What needs to be done -> In the records below, locate the line containing "this 1500×1333 image."; output that line and every following line through the last, exactly.

━━━━━━━━

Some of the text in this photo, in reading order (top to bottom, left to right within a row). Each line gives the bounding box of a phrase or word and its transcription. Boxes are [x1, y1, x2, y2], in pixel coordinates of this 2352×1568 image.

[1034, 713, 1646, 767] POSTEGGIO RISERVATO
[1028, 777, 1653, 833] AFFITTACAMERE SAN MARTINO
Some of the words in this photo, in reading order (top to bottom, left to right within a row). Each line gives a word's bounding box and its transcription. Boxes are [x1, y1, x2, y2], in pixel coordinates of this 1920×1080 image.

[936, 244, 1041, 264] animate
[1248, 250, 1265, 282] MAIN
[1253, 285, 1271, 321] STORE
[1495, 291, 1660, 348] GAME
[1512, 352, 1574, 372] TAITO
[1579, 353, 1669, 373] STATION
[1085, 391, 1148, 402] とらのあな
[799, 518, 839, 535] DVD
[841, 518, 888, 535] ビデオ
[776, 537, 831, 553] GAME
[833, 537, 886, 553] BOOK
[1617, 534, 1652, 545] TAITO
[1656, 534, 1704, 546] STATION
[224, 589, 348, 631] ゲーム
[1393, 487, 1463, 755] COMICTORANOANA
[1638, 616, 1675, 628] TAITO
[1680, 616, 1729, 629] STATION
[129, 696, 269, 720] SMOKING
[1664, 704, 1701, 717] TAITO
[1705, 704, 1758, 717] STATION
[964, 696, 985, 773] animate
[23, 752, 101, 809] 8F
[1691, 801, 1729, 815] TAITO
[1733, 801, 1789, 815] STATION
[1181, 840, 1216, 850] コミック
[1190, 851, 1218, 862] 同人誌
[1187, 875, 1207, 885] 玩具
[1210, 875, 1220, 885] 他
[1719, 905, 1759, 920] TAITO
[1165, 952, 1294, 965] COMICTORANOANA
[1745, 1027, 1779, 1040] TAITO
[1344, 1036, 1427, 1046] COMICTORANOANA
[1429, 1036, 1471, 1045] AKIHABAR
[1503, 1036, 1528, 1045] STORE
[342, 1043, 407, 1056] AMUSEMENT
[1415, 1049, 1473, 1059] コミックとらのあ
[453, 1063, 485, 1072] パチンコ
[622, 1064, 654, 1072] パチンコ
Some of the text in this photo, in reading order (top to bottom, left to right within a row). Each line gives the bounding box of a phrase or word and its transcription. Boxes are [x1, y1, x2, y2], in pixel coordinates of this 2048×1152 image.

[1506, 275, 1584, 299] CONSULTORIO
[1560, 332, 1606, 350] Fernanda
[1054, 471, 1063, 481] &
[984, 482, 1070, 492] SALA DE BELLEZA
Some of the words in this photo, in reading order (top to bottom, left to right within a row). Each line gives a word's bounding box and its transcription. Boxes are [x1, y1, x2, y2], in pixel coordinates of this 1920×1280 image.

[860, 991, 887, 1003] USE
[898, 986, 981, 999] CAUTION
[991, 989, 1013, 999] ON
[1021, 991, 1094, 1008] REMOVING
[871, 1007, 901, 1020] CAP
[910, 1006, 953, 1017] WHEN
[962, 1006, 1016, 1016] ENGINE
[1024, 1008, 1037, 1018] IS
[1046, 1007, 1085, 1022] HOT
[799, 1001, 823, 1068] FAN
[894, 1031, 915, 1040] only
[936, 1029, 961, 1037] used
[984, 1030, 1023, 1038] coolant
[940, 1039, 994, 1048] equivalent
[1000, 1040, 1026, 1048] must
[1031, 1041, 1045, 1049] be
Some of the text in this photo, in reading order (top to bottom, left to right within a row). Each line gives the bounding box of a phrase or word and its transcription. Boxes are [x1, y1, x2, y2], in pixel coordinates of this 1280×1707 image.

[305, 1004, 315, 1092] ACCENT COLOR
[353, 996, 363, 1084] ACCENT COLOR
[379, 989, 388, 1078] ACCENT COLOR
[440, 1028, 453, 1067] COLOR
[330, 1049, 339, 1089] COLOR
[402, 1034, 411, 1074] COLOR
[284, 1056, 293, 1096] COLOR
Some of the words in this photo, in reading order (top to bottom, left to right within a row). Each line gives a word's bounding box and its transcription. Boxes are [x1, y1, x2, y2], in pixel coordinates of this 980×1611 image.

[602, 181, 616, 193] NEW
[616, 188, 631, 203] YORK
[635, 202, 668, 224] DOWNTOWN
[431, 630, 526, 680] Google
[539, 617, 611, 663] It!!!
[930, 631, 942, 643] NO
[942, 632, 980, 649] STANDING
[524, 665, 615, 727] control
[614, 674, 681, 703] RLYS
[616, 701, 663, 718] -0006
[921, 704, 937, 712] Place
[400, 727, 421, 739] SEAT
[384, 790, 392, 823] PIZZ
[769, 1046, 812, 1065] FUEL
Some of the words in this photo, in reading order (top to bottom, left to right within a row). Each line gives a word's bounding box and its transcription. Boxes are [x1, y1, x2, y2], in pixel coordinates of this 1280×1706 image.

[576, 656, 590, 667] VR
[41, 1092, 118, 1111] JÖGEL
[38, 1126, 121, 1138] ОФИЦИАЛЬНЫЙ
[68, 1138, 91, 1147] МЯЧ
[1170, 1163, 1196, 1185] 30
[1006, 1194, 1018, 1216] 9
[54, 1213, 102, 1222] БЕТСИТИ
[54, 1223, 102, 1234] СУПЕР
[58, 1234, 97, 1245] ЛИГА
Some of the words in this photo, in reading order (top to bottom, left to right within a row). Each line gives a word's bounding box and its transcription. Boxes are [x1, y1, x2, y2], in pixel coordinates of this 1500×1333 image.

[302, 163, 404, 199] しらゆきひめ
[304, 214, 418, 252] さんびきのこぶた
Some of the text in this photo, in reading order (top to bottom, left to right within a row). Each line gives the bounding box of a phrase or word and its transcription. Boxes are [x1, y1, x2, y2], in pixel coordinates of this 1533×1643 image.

━━━━━━━━

Task response ->
Some of the words in this photo, in reading order (top to bottom, left to right within a row). Each line gives a word's bounding box and its transcription. Boxes are [x1, y1, x2, y2], in pixel coordinates of this 1500×1333 image.

[302, 163, 404, 199] しらゆきひめ
[304, 214, 418, 252] さんびきのこぶた
Some of the text in this photo, in reading order (top to bottom, left to right within a row). Each line gives the bounding box of a phrase or word and its transcription. Boxes are [x1, y1, x2, y2], in pixel coordinates of this 1533×1643 image.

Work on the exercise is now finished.